PROBLEM TO SOLVE>
Print each entry as it appears. Images stay out of the copy.

___ DATASET

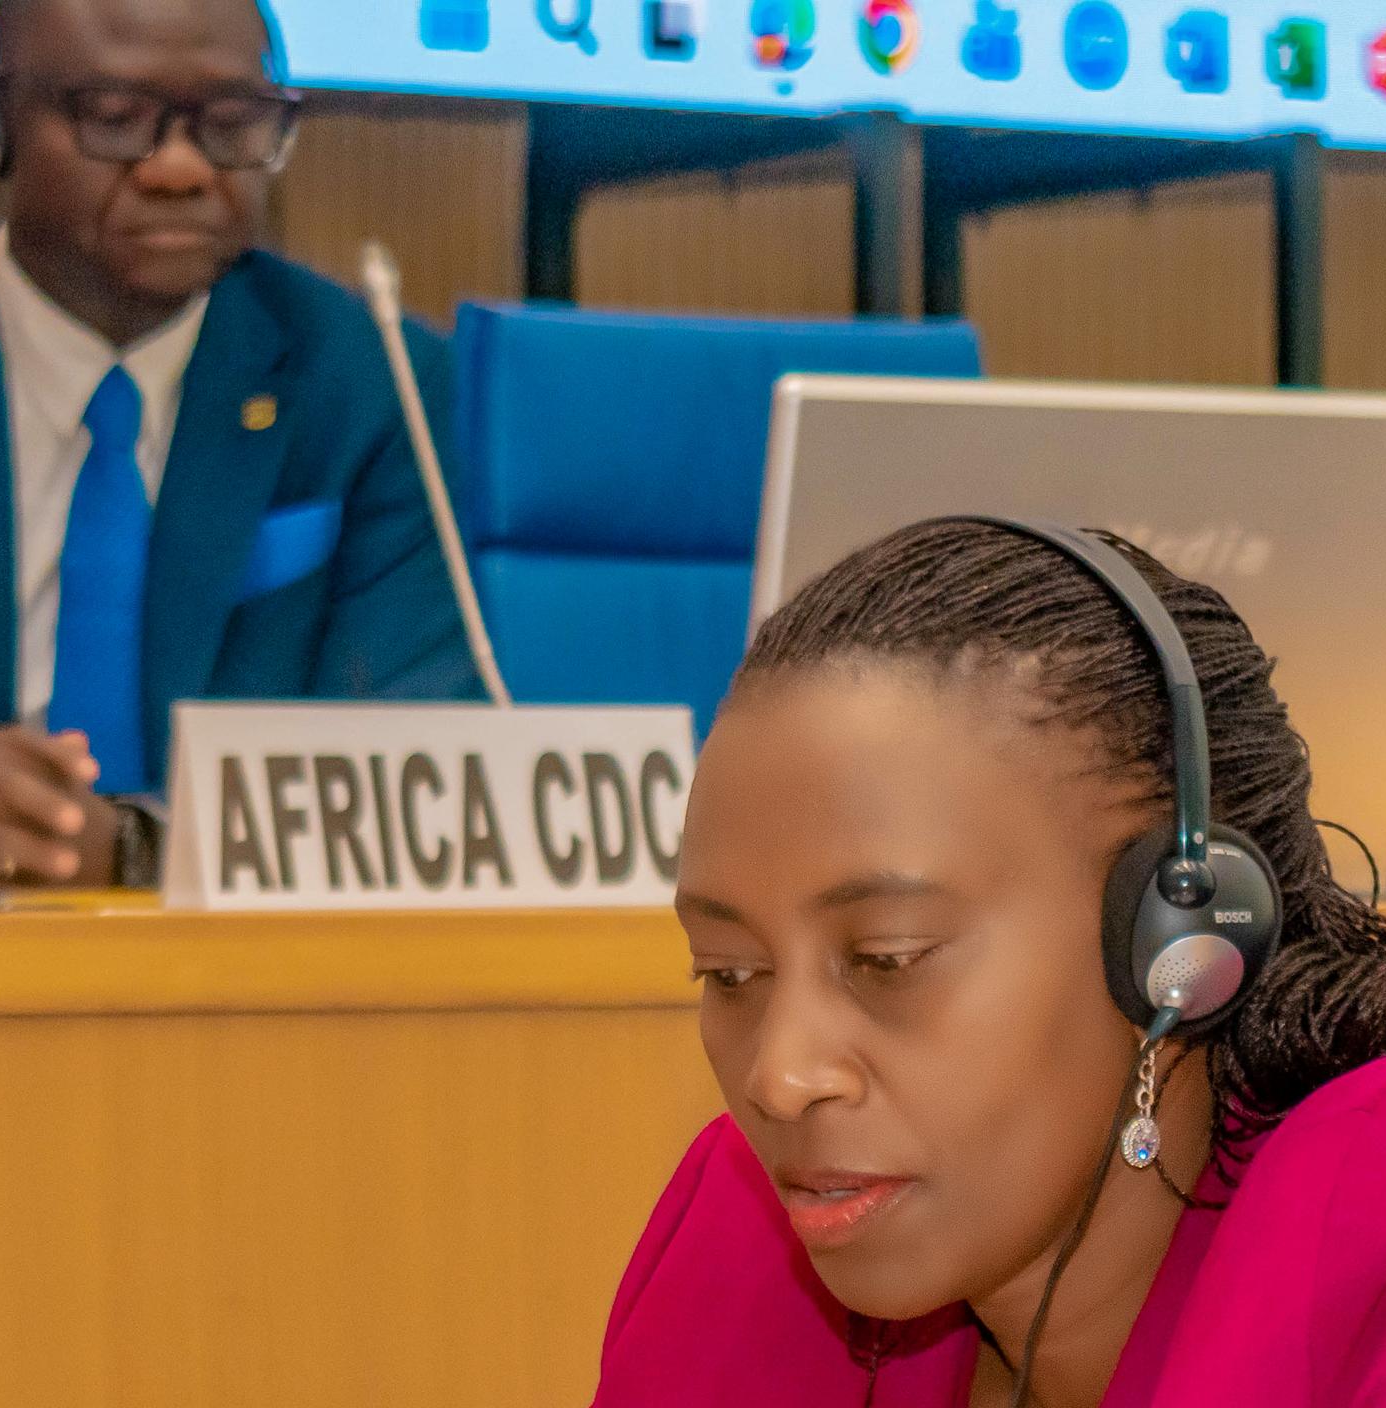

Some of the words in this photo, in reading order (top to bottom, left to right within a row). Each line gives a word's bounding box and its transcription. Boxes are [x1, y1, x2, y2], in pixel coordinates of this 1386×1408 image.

[219, 750, 516, 892] AFRICA
[532, 749, 682, 889] CDC
[1214, 911, 1252, 924] BOSCH
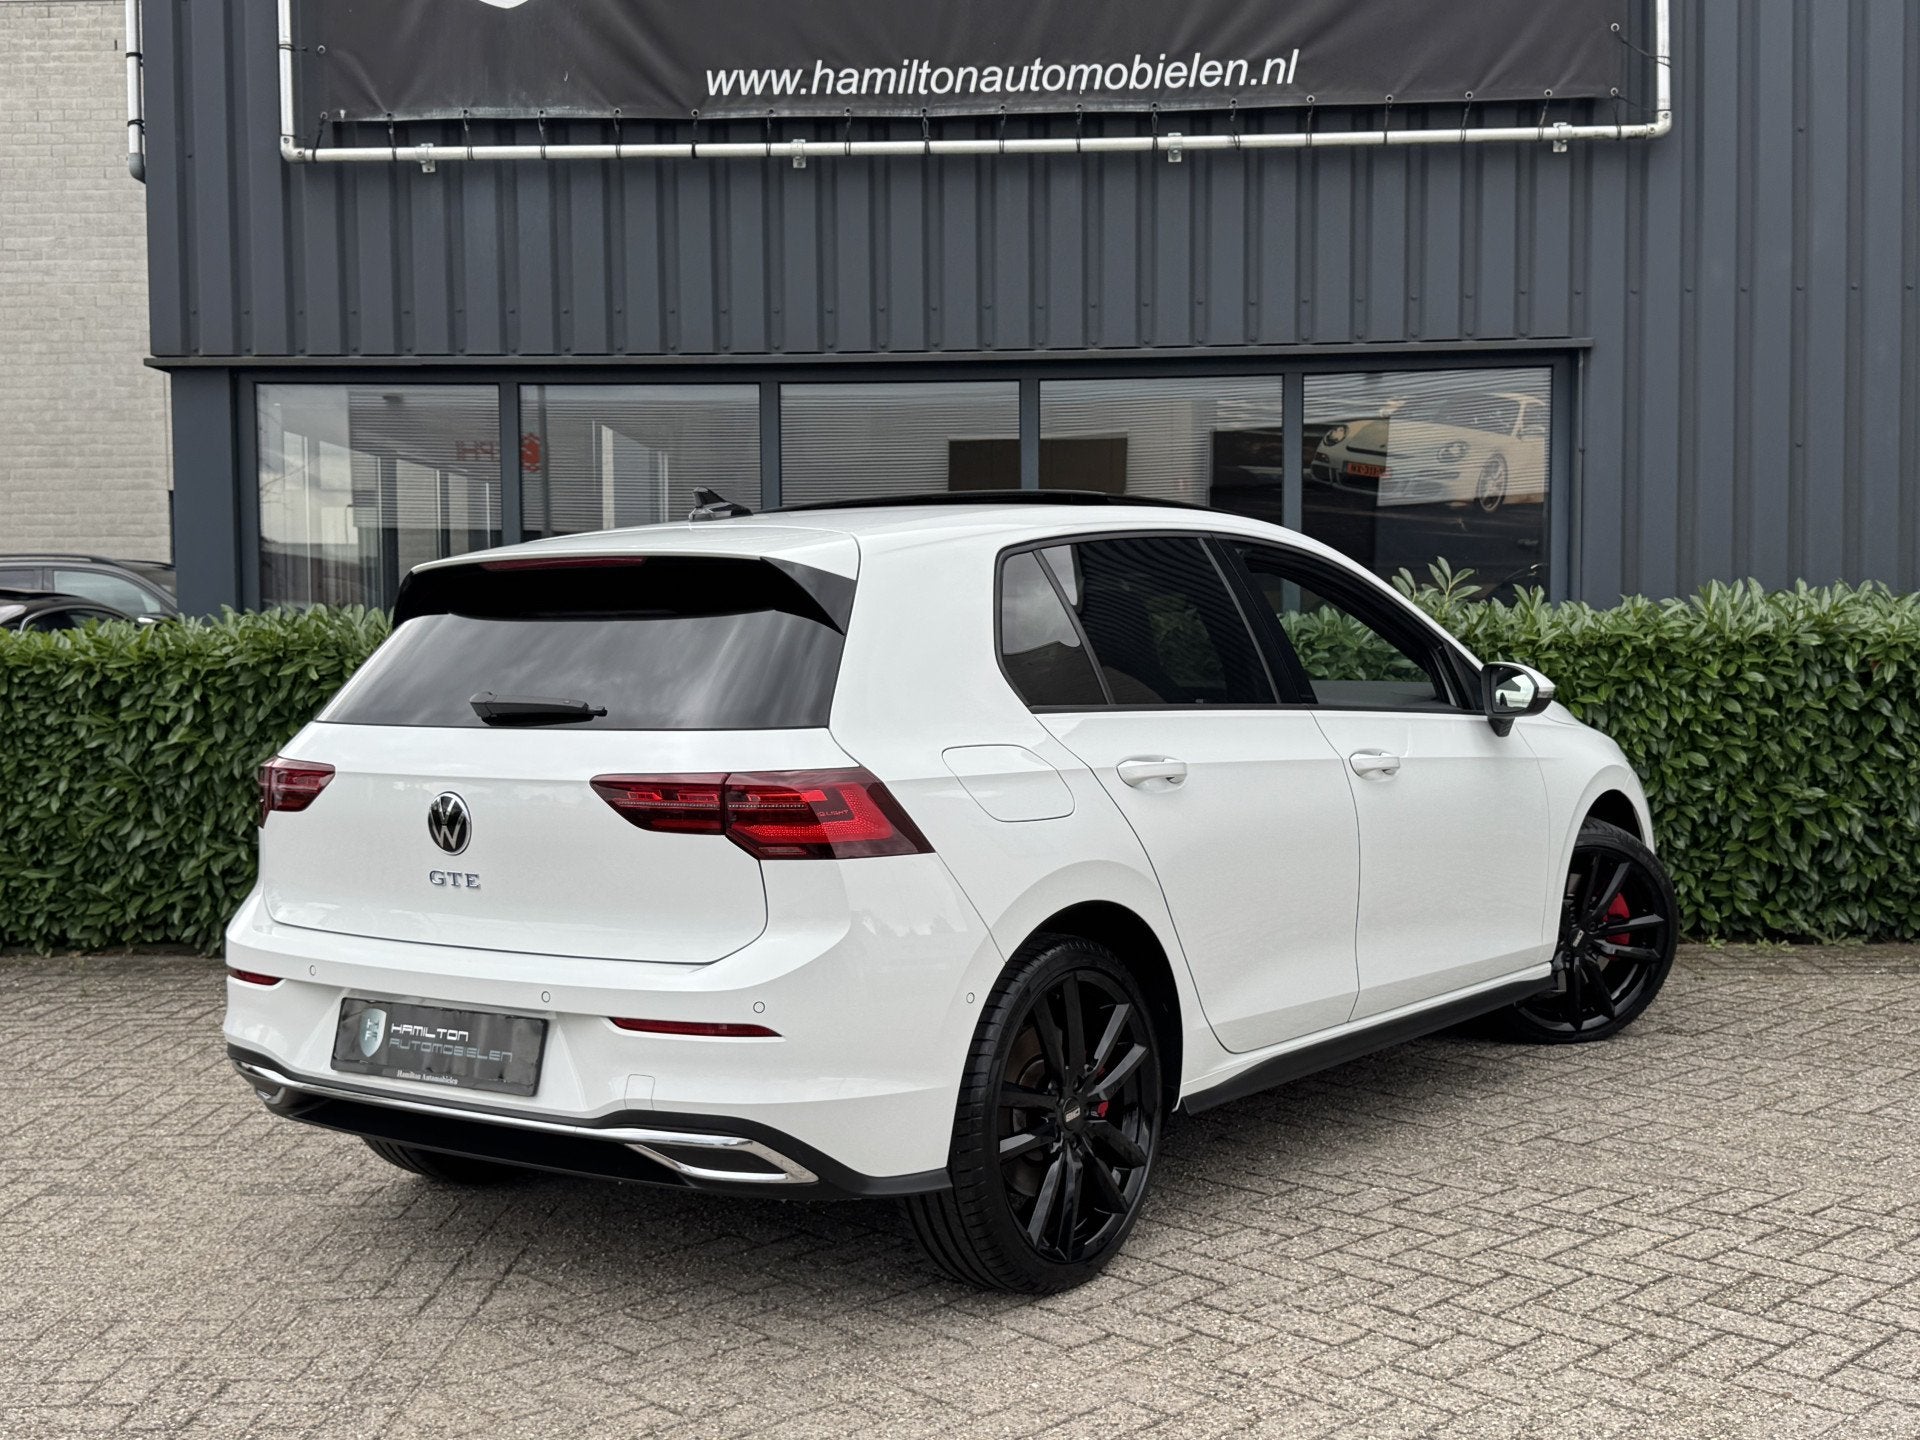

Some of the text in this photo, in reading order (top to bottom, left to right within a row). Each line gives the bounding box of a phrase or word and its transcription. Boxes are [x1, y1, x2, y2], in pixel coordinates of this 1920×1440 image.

[706, 49, 1300, 96] www.hamiltonautomobielen.nl
[429, 869, 481, 889] GTE
[391, 1023, 469, 1042] HAMILTON

______

THE ANSWER>
Some of the words in this photo, in reading order (top to bottom, left to right within a row). Each line gives a word's bounding box and its transcription. Boxes are [x1, y1, x2, y2], in pixel coordinates of this 1386×1408 image.

[219, 750, 516, 892] AFRICA
[532, 749, 682, 889] CDC
[1214, 911, 1252, 924] BOSCH

Some of the text in this photo, in reading order (top to bottom, left to right within a row). Each line gives the bounding box of a phrase or word and its transcription. Boxes are [x1, y1, x2, y2], in pixel coordinates of this 1920×1440 image.

[706, 49, 1300, 96] www.hamiltonautomobielen.nl
[429, 869, 481, 889] GTE
[391, 1023, 469, 1042] HAMILTON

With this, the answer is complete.